Меньше часа бушевала эта буря. Те, кто остался в бараках, не могли ни думать, ни говорить — взбудораженная кровь переполняла сердце и мозг. Люди опускались на столы и скамьи, на нары в спальном помещении, закрывали руками глаза, стараясь прийти в себя.
Через час после ужасной сцены завыла сирена. Завыла, как женщина, которую тащат за волосы. Новая воздушная тревога!
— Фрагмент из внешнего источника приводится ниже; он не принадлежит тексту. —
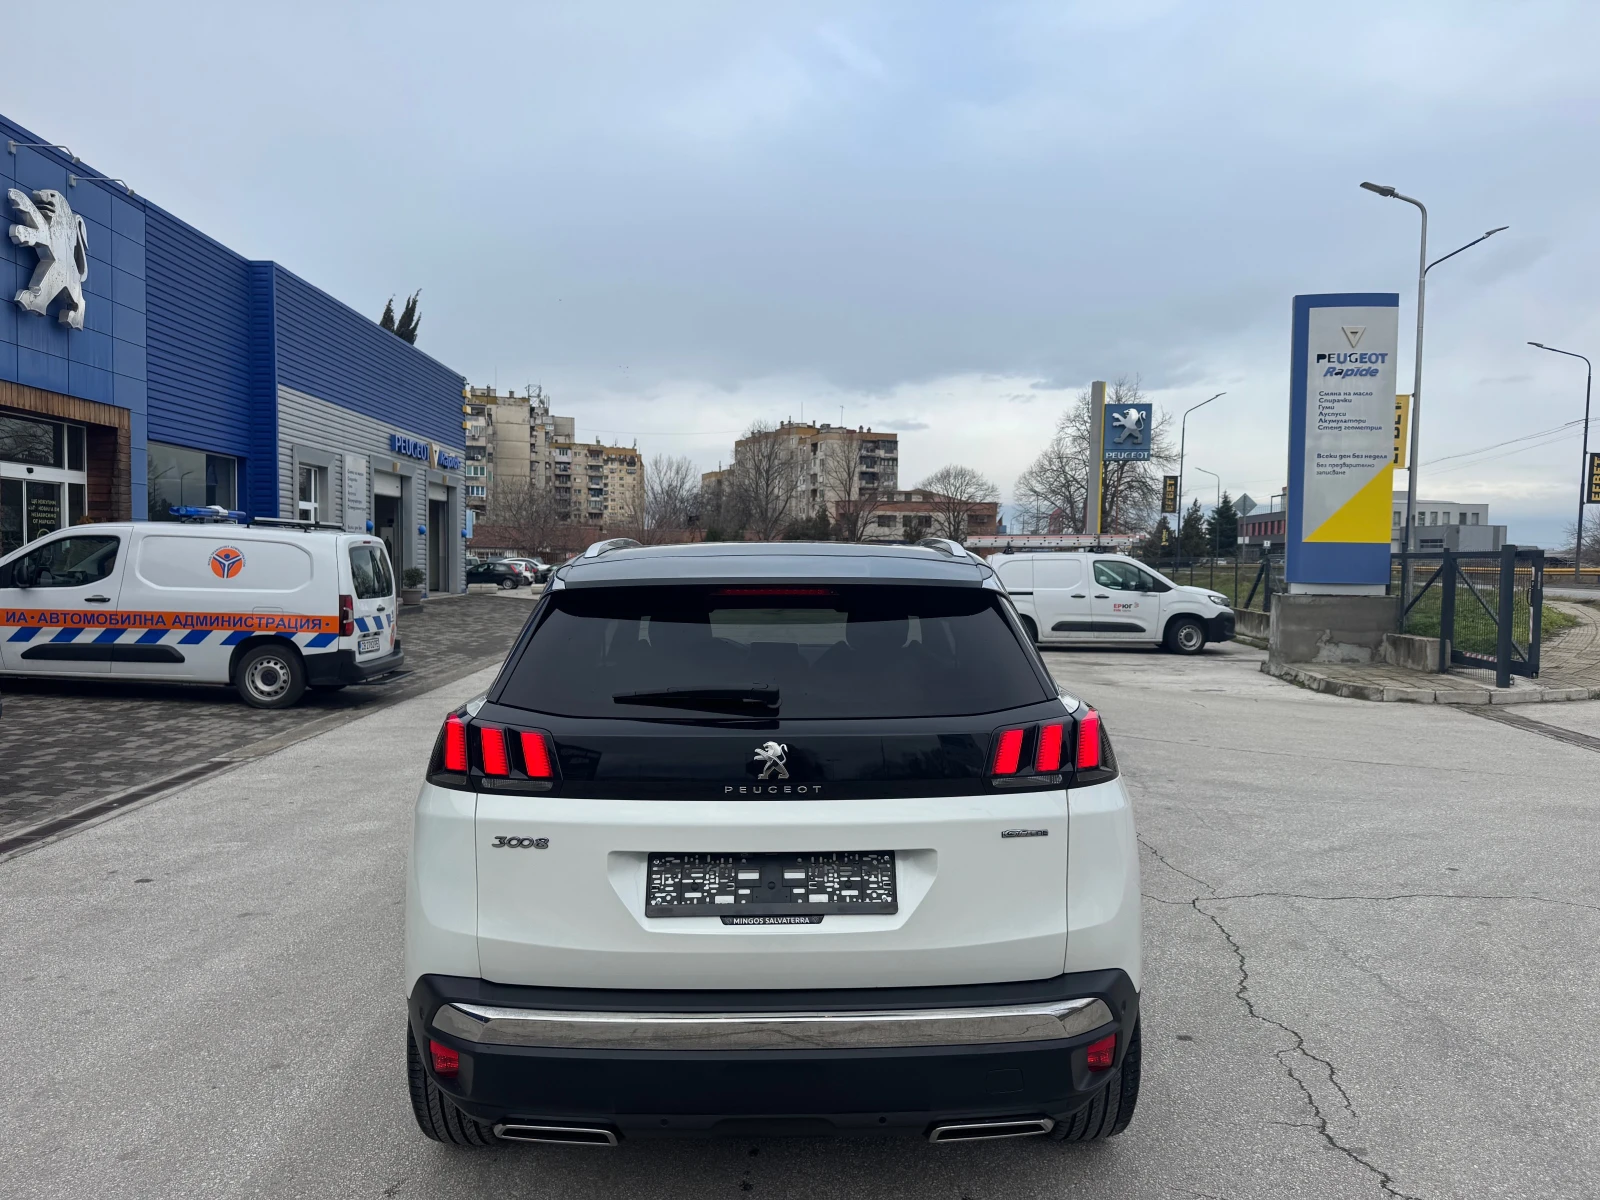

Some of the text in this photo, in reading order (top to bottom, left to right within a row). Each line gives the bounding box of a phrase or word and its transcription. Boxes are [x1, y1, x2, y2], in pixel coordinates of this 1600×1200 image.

Команда вещевой камеры уже несколько дней не работала. Камера была для заключенных хорошим убежищем. Здесь они не подвергались опасности попасть в эшелон. Но когда в лагере начала свирепствовать эсэсовская банда, их тоже охватило возбуждение. Лишь после начала тревоги они снова пришли в себя и тут заметили, что исчез Вурах. Спрятался, что ли, негодяй? Вообще здесь ли он еще?
Пытались найти его, спрашивали товарищей во втором этаже, работников камеры технического имущества — в первом.
— Вы его не видели?
Никто ничего не мог сказать. Может быть, доносчик находился на территории, и его вместе с другими прогнали дубинками к воротам? Может быть, он добровольно примкнул к эшелону, чтобы уйти от расплаты? Заключенные возвратились к себе. Следует ли им доложить об этом Цвейлингу? Многие советовали воздержаться. Не трогай, обожжешься! Может, Цвейлинг сам позаботился о том, чтобы убрать доносчика? Решено было молчать.
Группы Сопротивления бурлили. Они требовали оружия. Их нетерпение грозило подорвать дисциплину. Сноситься с группами через связных было уже недостаточно.